· 5 min read

Information Deterioration and the Ethics of Entropy


In the opening chapter of The Fourth Revolution, Luciano Floridi makes a claim that sounds simple but carries significant weight: information has intrinsic value, and its deterioration constitutes a form of harm.

He is not writing about backup strategies or disk failures. He is making a philosophical argument about the moral status of information itself. Floridi introduces the concept of the infosphere — the informational environment in which we increasingly live and work — and argues that we have obligations toward it, just as we recognize obligations toward the physical environment. 1 This is a departure from utilitarian frameworks, which evaluate information purely in terms of its usefulness. Floridi’s position is closer to environmental ethics, where entities can have moral standing independent of human benefit. He is asking us to treat the infosphere with the same seriousness we are slowly learning to apply to the biosphere.

I find this more compelling than I expected to. We already behave as though some information is sacred — think of how we treat the destruction of libraries or archives — but we resist extending that moral seriousness to the digital systems where most information now lives. Floridi is asking us to be consistent about an intuition we already have.


What counts as deterioration

Floridi identifies several forms of information entropy. Destruction is the obvious one: a database deleted, an archive burned, a format rendered unreadable. Corruption is subtler — information altered in ways that compromise its integrity without anyone noticing. Pollution is the introduction of false or misleading information that degrades the environment in which good information operates.

But inaccessibility is the one I think most engineers should sit with. Information locked behind defunct authentication, stored in proprietary formats, buried under interfaces that no longer function — this is informationally equivalent to information that has been destroyed. 2 If information is morally significant, then rendering it inaccessible through a platform change is not a neutral business decision. It requires justification, even if the data technically still exists on a server somewhere. The distinction between “deleted” and “practically unreachable” matters technically but not ethically.

Inaccessibility is something we cause constantly and almost never frame as harm. Every API deprecation, every forced migration, every sunset announcement with a 30-day export window — these are acts of information deterioration that we dress up as product decisions. Floridi gives us the vocabulary for what is actually happening, and I think the vocabulary is correct.


The entropy is not always accidental

Much information deterioration is the result of deliberate choices. A company reduces log retention from seven years to ninety days. A platform changes its API, breaking every third-party archive that depended on it. A government digitizes paper records but does not fund maintenance of the digital system, so the new copies degrade while the originals have already been discarded.

None of these decisions are irrational. But Floridi’s framework insists they are decisions with moral content.

This is where I think he is at his strongest. It is easy to agree in the abstract that information matters. It is much harder to maintain that conviction when someone shows you the storage bill. The value of his framework is that it refuses to let the cost argument close the discussion. In practice, cost usually wins. But there is a difference between cost winning after an honest accounting and cost winning because no one thought to count what was being lost.

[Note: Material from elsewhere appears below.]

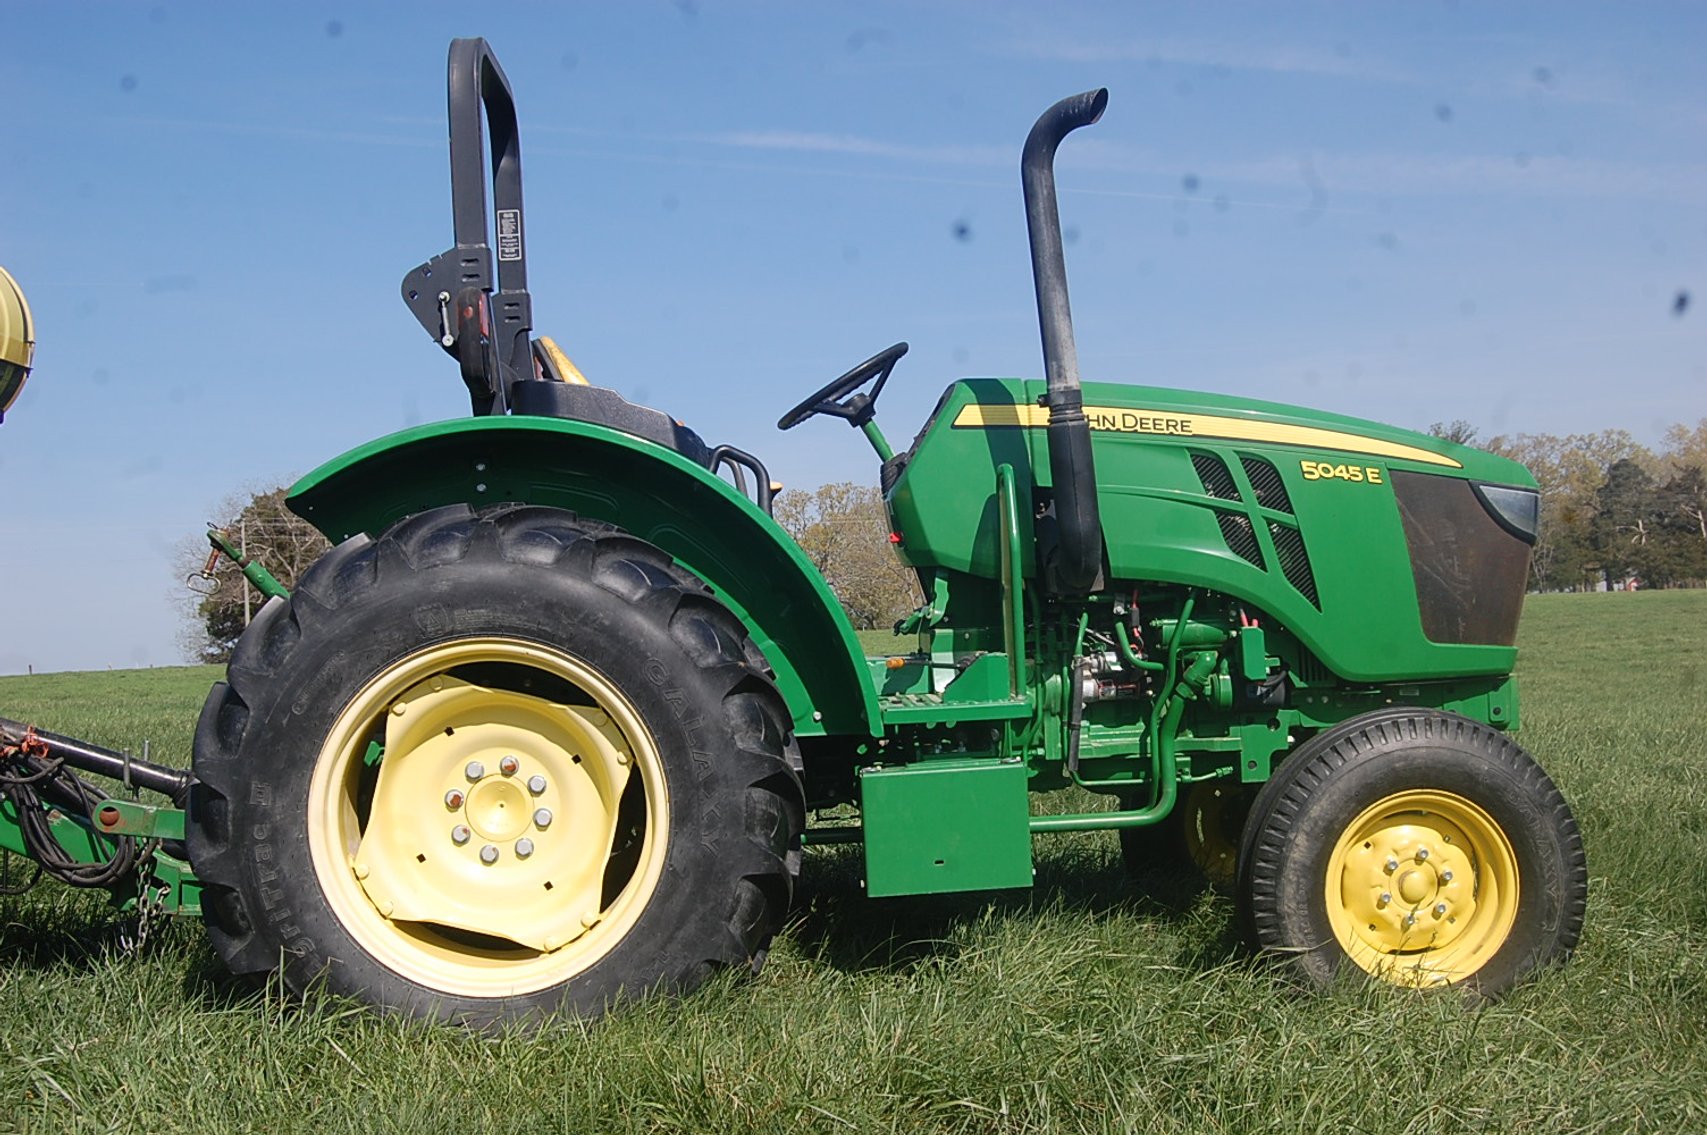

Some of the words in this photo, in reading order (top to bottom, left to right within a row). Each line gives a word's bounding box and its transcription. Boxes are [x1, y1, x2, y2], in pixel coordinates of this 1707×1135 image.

I have been in rooms where these decisions were made, and the moral dimension was never once on the table. The question was always cost, or liability, or engineering effort. Floridi would say that the moral dimension was present whether anyone acknowledged it or not — and I think he is right about that, even if I am less certain than he is about what follows from it.


Where the framework falls short

Floridi’s argument implies positive obligations — not just refraining from destroying information, but actively preserving it. Here is where I start to push back. The framework is better at identifying the problem than at guiding action. Saying that information has intrinsic value does not tell you how much value, or how to weigh it against competing obligations. A company that retains everything in the name of preservation may also be hoarding personal data that people want deleted. The obligation to preserve and the obligation to respect privacy are genuinely in tension, and Floridi does not, at least in this chapter, resolve that tension in a way I find satisfying. 3 Consider sunsetting a product. Users often lose not just a service but access to their own information — messages, creative work, records of activity. The information may be “theirs” legally, but if no export path exists, ownership is meaningless. The information deteriorates through institutional decision, not technical failure.

The framework opens the right questions. It does not close them.


What stays with me

You do not need to adopt Floridi’s entire philosophy to take something useful from it. The practical takeaway is simpler and, I think, more durable than the ontological argument beneath it: before you let information degrade, you should know what you are losing and who bears the cost.

Most engineering cultures treat preservation as someone else’s problem — the data team’s, the archivist’s, the compliance department’s. Floridi’s contribution is to argue that it is everyone’s problem, that the entropy is not neutral, and that the systems we build are the terrain on which the fight against it is won or lost. I am not sure he is right about everything, but I am sure he is right about that.